■ **TASK OBJECTIVE**
This exercise calls for the data below to be retyped exactly, minus any images.

■ **SOURCE MATERIAL**
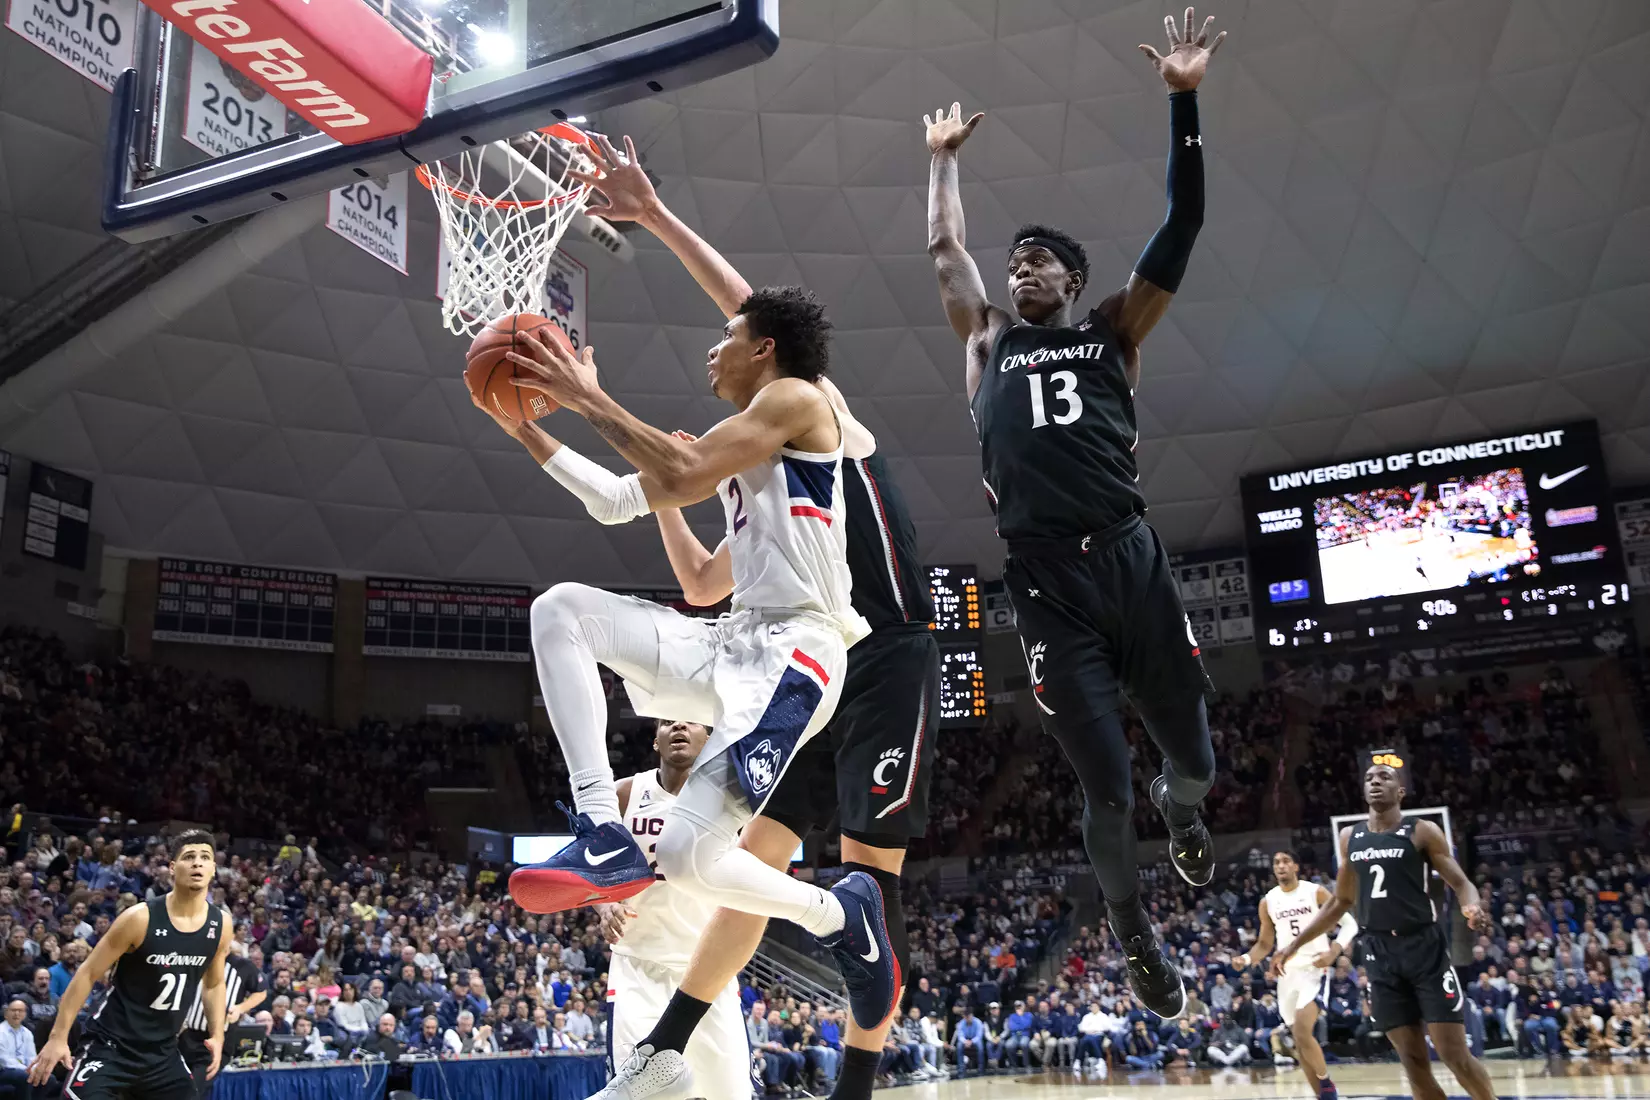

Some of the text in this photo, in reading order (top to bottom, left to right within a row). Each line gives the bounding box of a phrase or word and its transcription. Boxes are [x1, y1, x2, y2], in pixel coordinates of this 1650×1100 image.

[32, 4, 114, 67] NATIONAL
[43, 0, 122, 46] 010
[23, 20, 119, 86] CHAMPIONS
[223, 37, 370, 128] Farm
[202, 82, 273, 142] 2013
[197, 131, 231, 155] CHA
[204, 117, 250, 149] NATIO
[341, 183, 398, 230] 2014
[337, 219, 399, 263] CHAMPIONS
[343, 205, 395, 246] NATIONAL
[1001, 343, 1104, 373] CINCINNATI
[1026, 370, 1083, 429] 13
[1268, 430, 1564, 491] UNIVERSITY OF CONNECTICUT
[728, 477, 747, 536] 2
[1257, 508, 1302, 523] WELLS
[1260, 519, 1303, 533] FARGO
[195, 563, 232, 575] EAST
[240, 567, 333, 585] CONFERENCE
[1221, 577, 1244, 593] 42
[1268, 580, 1303, 595] CBS
[1601, 584, 1630, 605] 21
[1350, 848, 1405, 862] CINCINNATI
[1369, 864, 1387, 899] 2
[1275, 904, 1312, 920] UCONN
[1290, 919, 1299, 936] 5
[146, 952, 207, 967] CINCINNATI
[149, 972, 187, 1011] 21
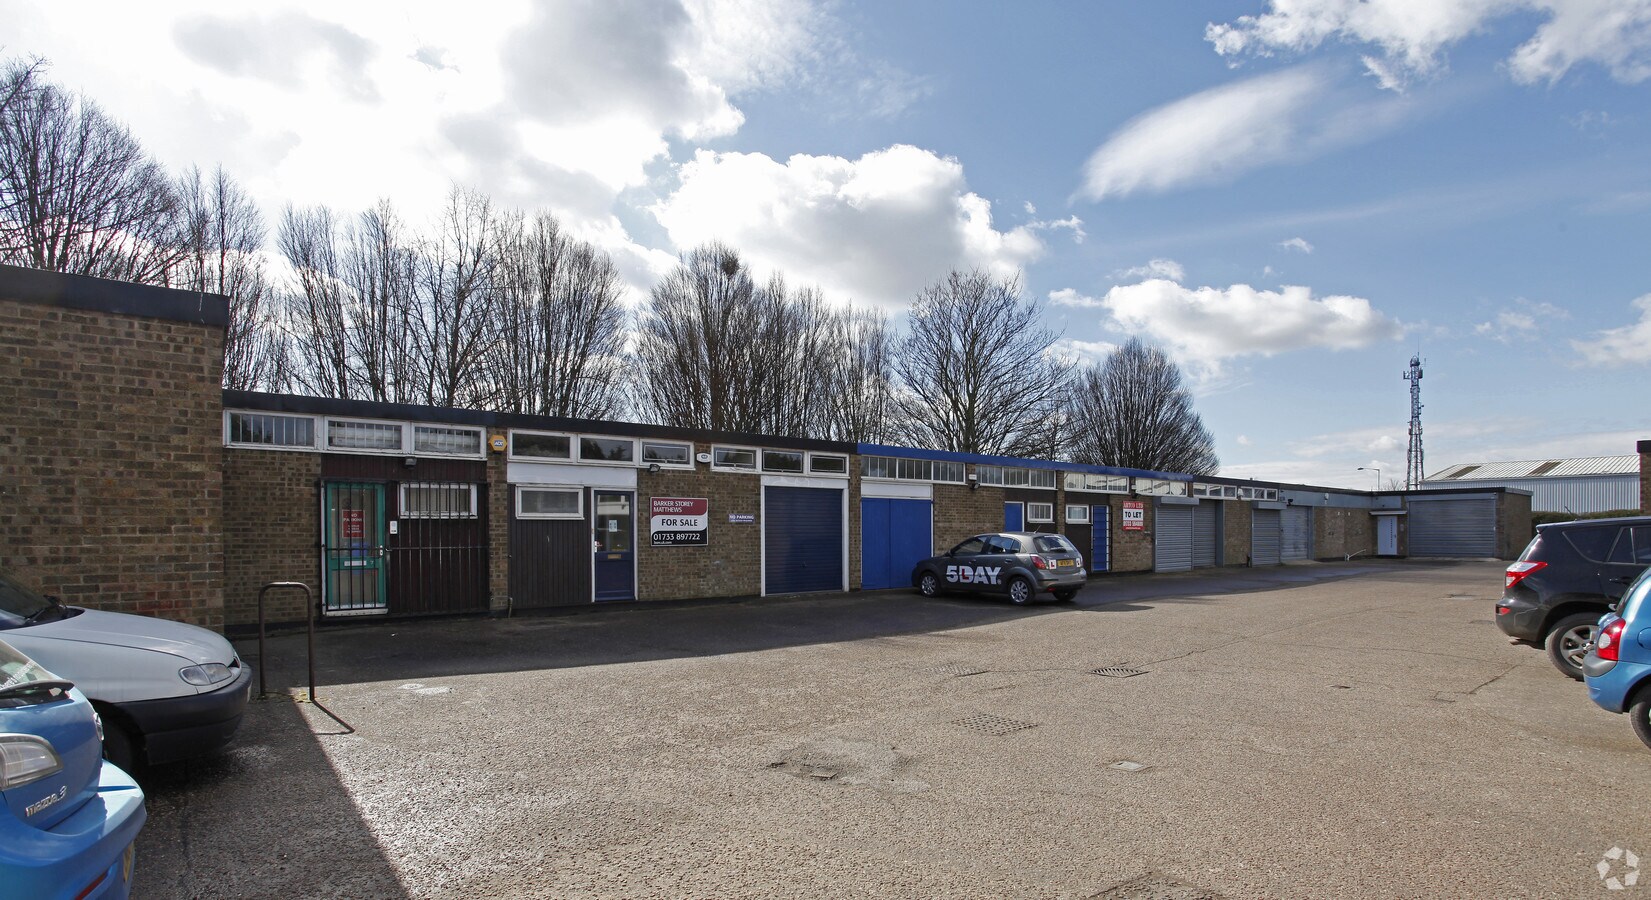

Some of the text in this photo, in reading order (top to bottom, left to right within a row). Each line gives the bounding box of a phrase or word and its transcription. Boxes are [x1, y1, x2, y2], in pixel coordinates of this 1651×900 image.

■ **YOUR SOLUTION**
Some of the text in this photo, in reading order (top to bottom, left to right within a row). Each line gives the bounding box of a phrase or word and its transcription. Boxes are [x1, y1, x2, y2], in pixel coordinates of this 1650×1100 image.

[32, 4, 114, 67] NATIONAL
[43, 0, 122, 46] 010
[23, 20, 119, 86] CHAMPIONS
[223, 37, 370, 128] Farm
[202, 82, 273, 142] 2013
[197, 131, 231, 155] CHA
[204, 117, 250, 149] NATIO
[341, 183, 398, 230] 2014
[337, 219, 399, 263] CHAMPIONS
[343, 205, 395, 246] NATIONAL
[1001, 343, 1104, 373] CINCINNATI
[1026, 370, 1083, 429] 13
[1268, 430, 1564, 491] UNIVERSITY OF CONNECTICUT
[728, 477, 747, 536] 2
[1257, 508, 1302, 523] WELLS
[1260, 519, 1303, 533] FARGO
[195, 563, 232, 575] EAST
[240, 567, 333, 585] CONFERENCE
[1221, 577, 1244, 593] 42
[1268, 580, 1303, 595] CBS
[1601, 584, 1630, 605] 21
[1350, 848, 1405, 862] CINCINNATI
[1369, 864, 1387, 899] 2
[1275, 904, 1312, 920] UCONN
[1290, 919, 1299, 936] 5
[146, 952, 207, 967] CINCINNATI
[149, 972, 187, 1011] 21

Some of the text in this photo, in reading order (top to bottom, left to right within a row). Each line gives the bounding box of a phrase or word and its transcription. Boxes are [x1, y1, x2, y2], in pixel coordinates of this 1651×900 image.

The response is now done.